Just consider the case of David Letterman. To everyone's delight, he was back at his desk on ''Late Show'' Monday night after a month-long absence.
Except he was never gone.
Sure, in real life Dave went under the knife, then spent weeks convalescing from heart surgery.
But being well (or even alive) is no precondition for being on TV. Despite his emergency quintuple bypass Jan. 14, Letterman was never off the air. Some nights, an old ''Late Show'' was rerun. Other nights, past guests came on to reminisce about appearing with Dave, then clips of those appearances with Dave were shown.
Even with Dave missing, Dave was never not there.
At least, until now. Although he's back for real, to ease his return he will sometimes relinquish his duties to a substitute host (such as Bill Cosby, who filled in Tuesday night).
Go figure: Now that Dave's back, more often than not he'll be gone.

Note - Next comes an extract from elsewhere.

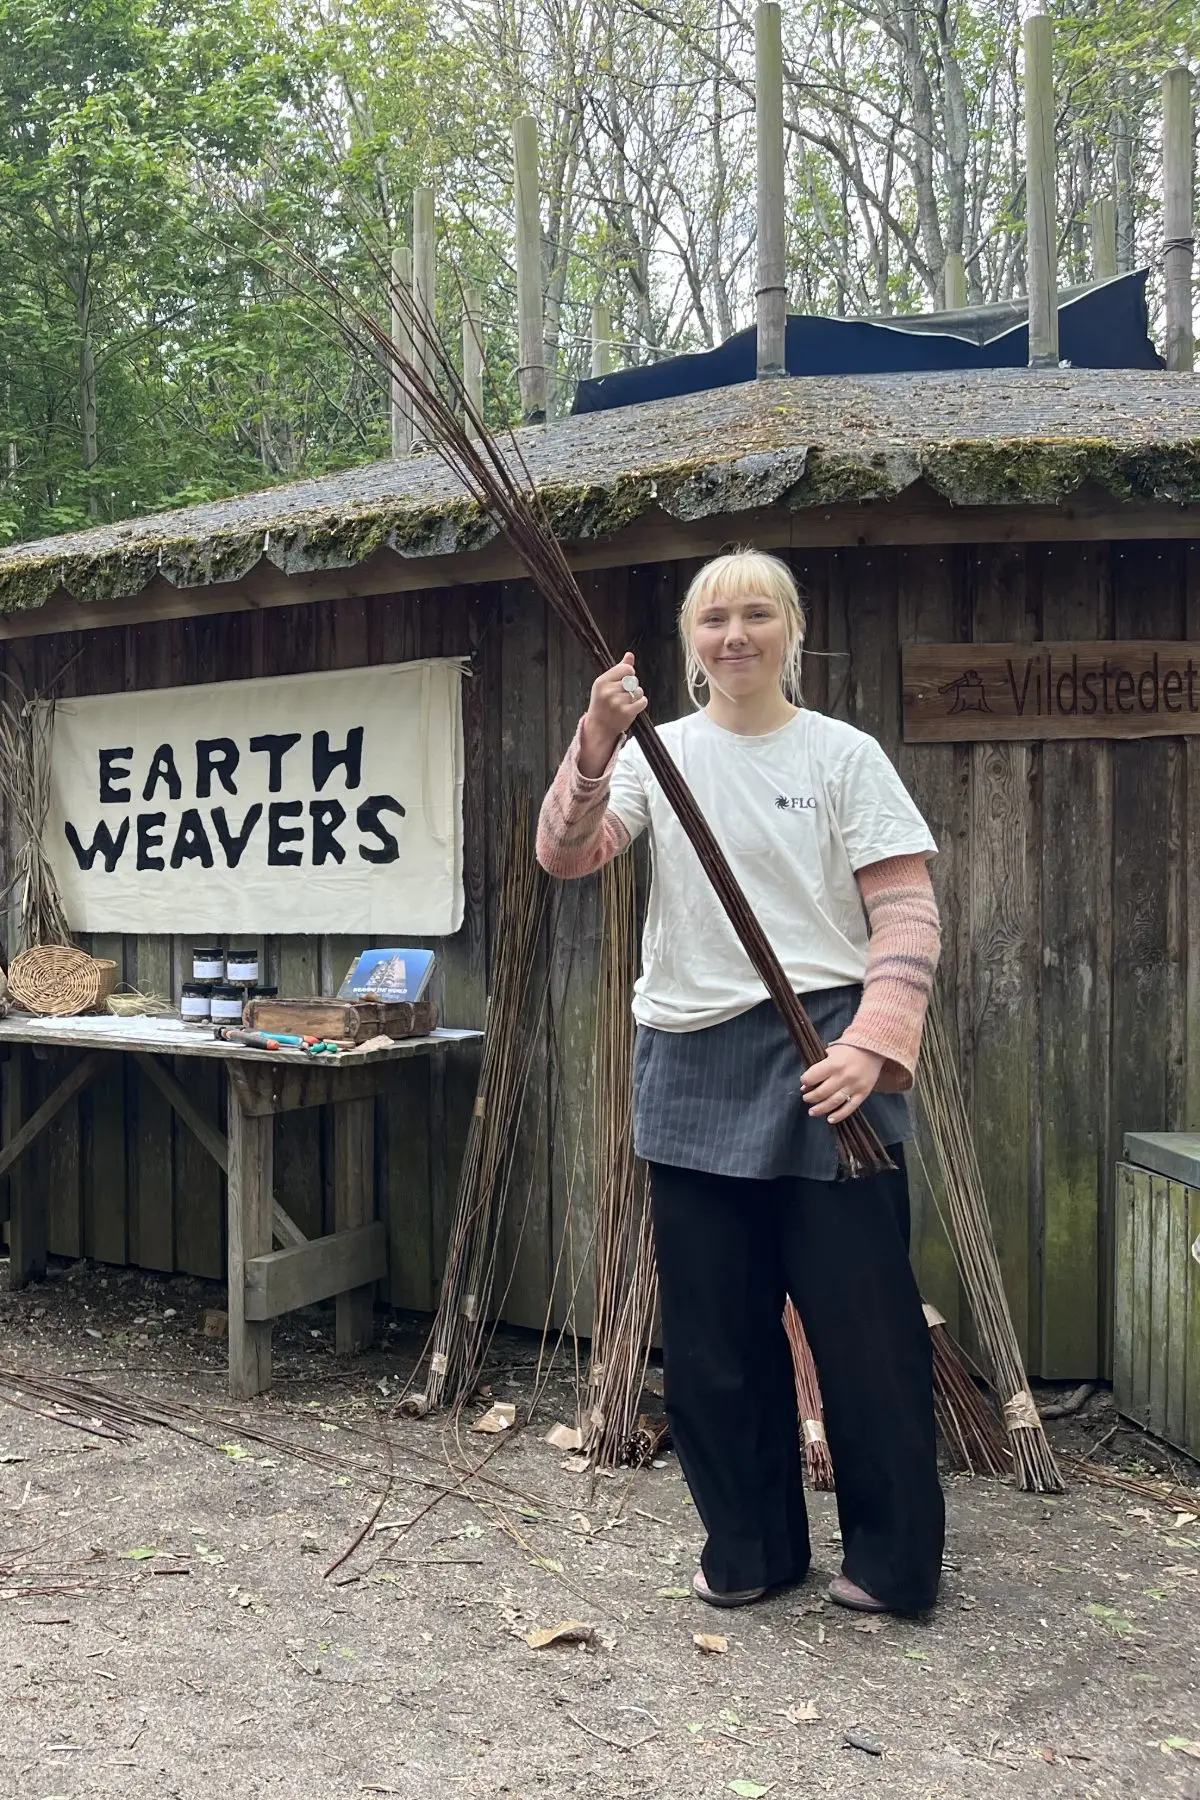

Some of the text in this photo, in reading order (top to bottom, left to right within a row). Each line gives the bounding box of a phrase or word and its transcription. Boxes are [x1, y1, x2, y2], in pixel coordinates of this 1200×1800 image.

[1007, 652, 1198, 716] Vildstedet
[99, 726, 364, 804] EARTH
[65, 795, 406, 873] WEAVERS

An affair of another heart also has its screwy overtones. Airing last week, ''Who Wants to Marry a Multimillionaire?'' convened 50 women who wanted to be wed in the worst way. And then one was, to a guy none of them had even glimpsed until real estate investor/romantic fool Rick Rockwell stepped from the shadows and popped the question. Talk about a pig in a poke!

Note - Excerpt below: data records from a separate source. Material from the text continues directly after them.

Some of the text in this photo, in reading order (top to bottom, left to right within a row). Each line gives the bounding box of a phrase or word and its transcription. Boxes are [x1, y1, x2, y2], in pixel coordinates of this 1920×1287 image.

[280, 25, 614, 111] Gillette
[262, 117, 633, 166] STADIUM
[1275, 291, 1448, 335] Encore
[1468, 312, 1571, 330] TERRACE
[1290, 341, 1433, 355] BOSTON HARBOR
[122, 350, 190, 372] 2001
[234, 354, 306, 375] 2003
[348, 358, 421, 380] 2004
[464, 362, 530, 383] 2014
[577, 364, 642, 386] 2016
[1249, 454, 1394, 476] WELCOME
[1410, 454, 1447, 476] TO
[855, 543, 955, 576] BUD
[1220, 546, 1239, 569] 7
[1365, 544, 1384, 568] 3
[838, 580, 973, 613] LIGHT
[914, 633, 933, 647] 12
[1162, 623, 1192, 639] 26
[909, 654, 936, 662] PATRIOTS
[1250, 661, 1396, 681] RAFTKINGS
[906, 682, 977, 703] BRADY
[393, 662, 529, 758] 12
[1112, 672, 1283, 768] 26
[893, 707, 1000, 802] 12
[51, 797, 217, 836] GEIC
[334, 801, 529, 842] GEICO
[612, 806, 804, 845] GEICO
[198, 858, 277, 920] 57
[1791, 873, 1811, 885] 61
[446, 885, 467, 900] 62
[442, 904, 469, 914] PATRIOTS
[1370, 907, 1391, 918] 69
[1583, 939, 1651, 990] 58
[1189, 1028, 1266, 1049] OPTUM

The two-hour Fox special boasted ''television's most-watched marriage ceremony since Charles and Diana.'' And like the marriage of those royal lovers, the nuptials of Rockwell and nurse/comely blonde Darva Conger seem star-crossed. Fox was forced to cancel a rebroadcast of the event after learning that Rockwell had once been accused of beating a girlfriend.
''I am humbled and embarrassed by the fact that everyone went to all this trouble for me,'' Rockwell said in a happier moment, just before dropping to one knee. Which suggests that he was blinded by the light. ''Who Wants to Marry a Multimillionaire'' isn't about Rick Rockwell. It's about TV.
And for the eligible bachelor initially identified only as ''Mr. Multimillionaire,'' as well as his eventual bride and the Spurned 49, TV was justification and reward.
In short, this program bears out the First Law of Television: If you search hard enough, you can find someone to do anything you can think of ... providing you put them on TV while they do it.
The Second Law of Television: Whatever it is, other people will watch.